RACGP President Dr Frank R Jones said although benzodiazepines had been associated with both benefits and harms for patients, their use had led to growing concern about the harms associated with both the authorised and unauthorised use of the drugs.
“It is vital GPs are aware of the issues benzodiazepines have created at a broad society level and among individual patients,” Dr Jones said.
“There is significant debate in the medical community about the appropriate role and use of these drugs and this has been exacerbated by a lack of clinical guidelines in the area. The RACGP’s new guide, Prescribing drugs of dependence in general practice, Part B: Benzodiazepines is the first in Australia to comprehensively address these issues.
“Prescription of benzodiazepines, as with any treatment, should be based on a comprehensive medical assessment, a diagnosis, an examination of risks and benefits and a management plan.
“It is also important for patients to understand that medication is only part of the answer to managing complex mental health issues and non-drug therapies should also be explored,” Dr Jones said.
The guide explains that benzodiazepines should not be the first line of treatment and are generally regarded as a short-term therapeutic option. Long-term use, beyond four weeks, should be uncommon, made with caution and based on thoughtful consideration of the likely risks and benefits, accompanied with continued monitoring.
Dr Jones said while problems associated with the use of benzodiazepines were rare in patients who took low doses for recommended periods, some patients may be more vulnerable to harms.
“As GPs we need to be vigilant in identifying patients who may be misusing or abusing benzodiazepines because this can become a long-term and distressing problem.

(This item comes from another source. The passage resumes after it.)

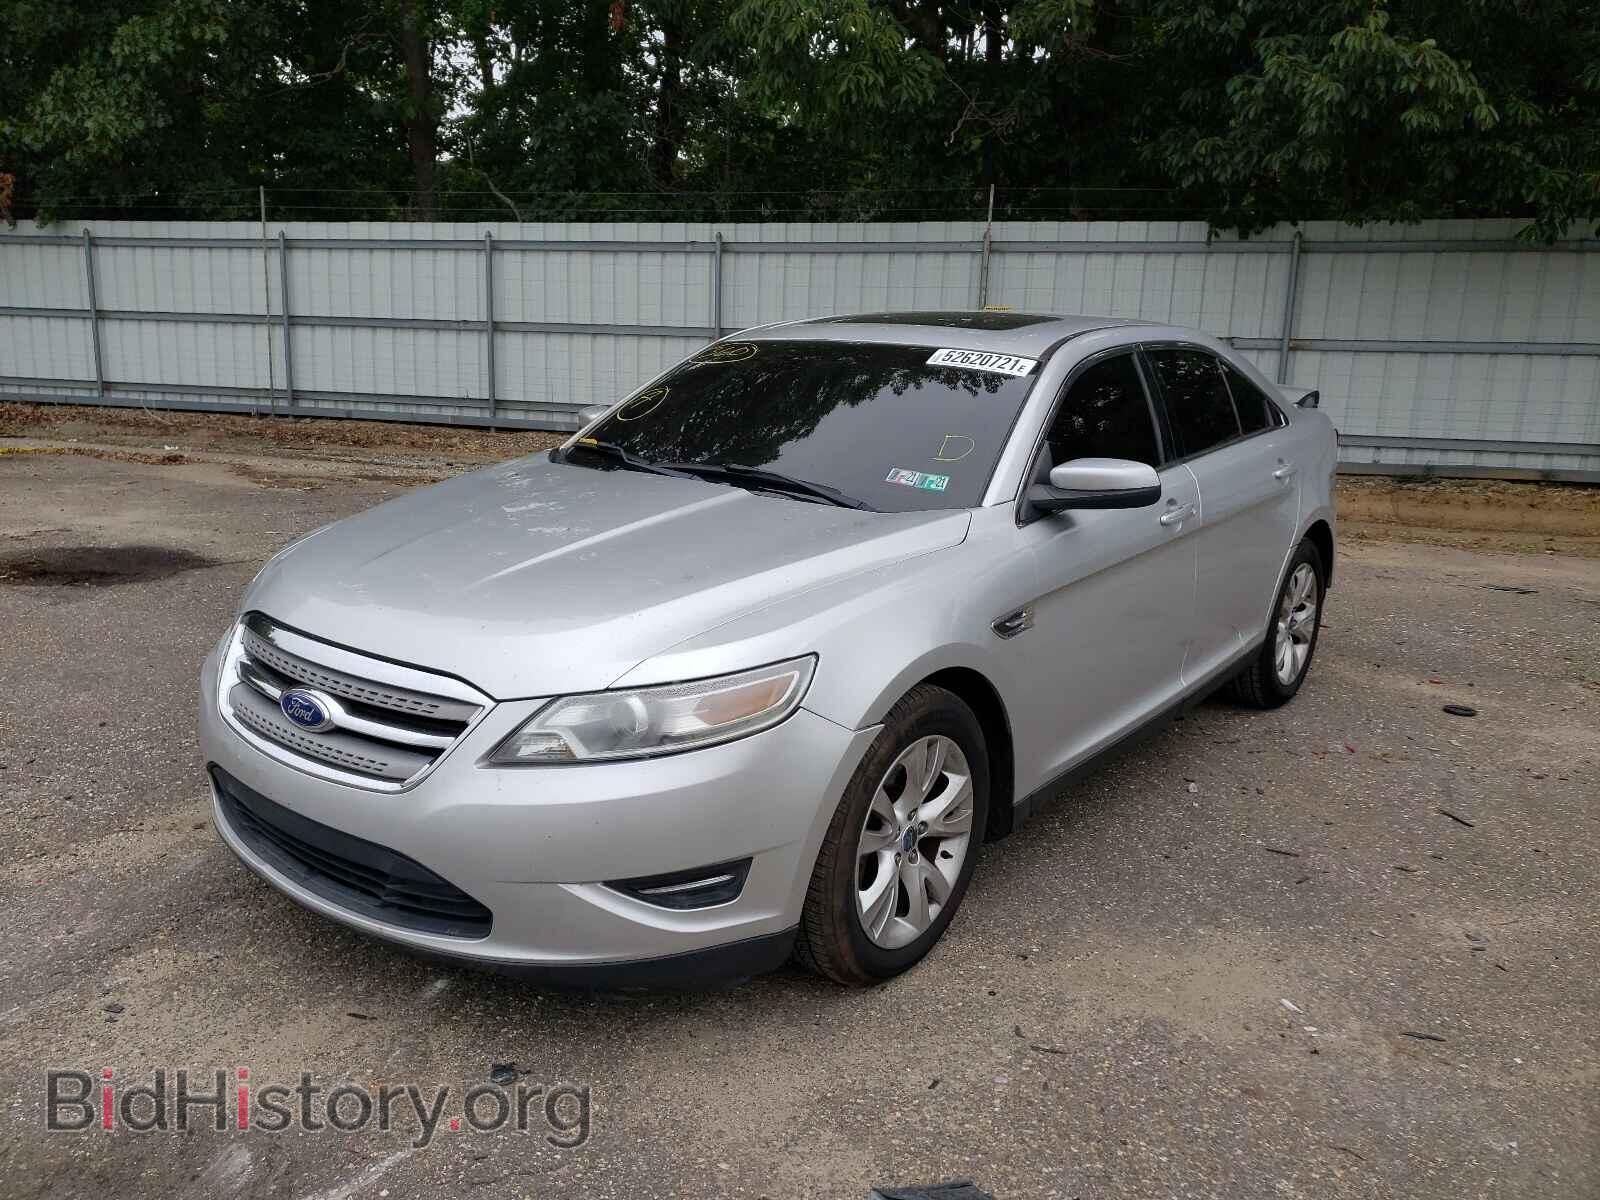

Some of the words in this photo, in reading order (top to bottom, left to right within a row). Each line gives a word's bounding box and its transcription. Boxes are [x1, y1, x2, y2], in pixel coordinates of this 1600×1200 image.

[942, 350, 1020, 371] 52620721
[930, 434, 975, 461] D
[287, 697, 316, 721] Ford

“Patients who have a substance use disorder may ‘doctor shop’ to gain prescriptions and increase their use and dosage. When taken in combination with other substances such as opioid medications, illicit drugs and alcohol, this can result in death.”
Dr Jones said GPs could help patients recognise they have a problem, set goals for recovery and ensure they received the right treatment.
The guide should help reduce patient harm associated with benzodiazepine misuse however, broader issues beyond the control of the RACGP also need to be addressed.
“There needs to be an immediate rollout of a real-time prescription drug database, something the RACGP has long called for. There is also the need for consistency across states when it comes to laws and definitions regarding drugs of dependence because current variations complicate and confuse health professionals,” Dr Jones said.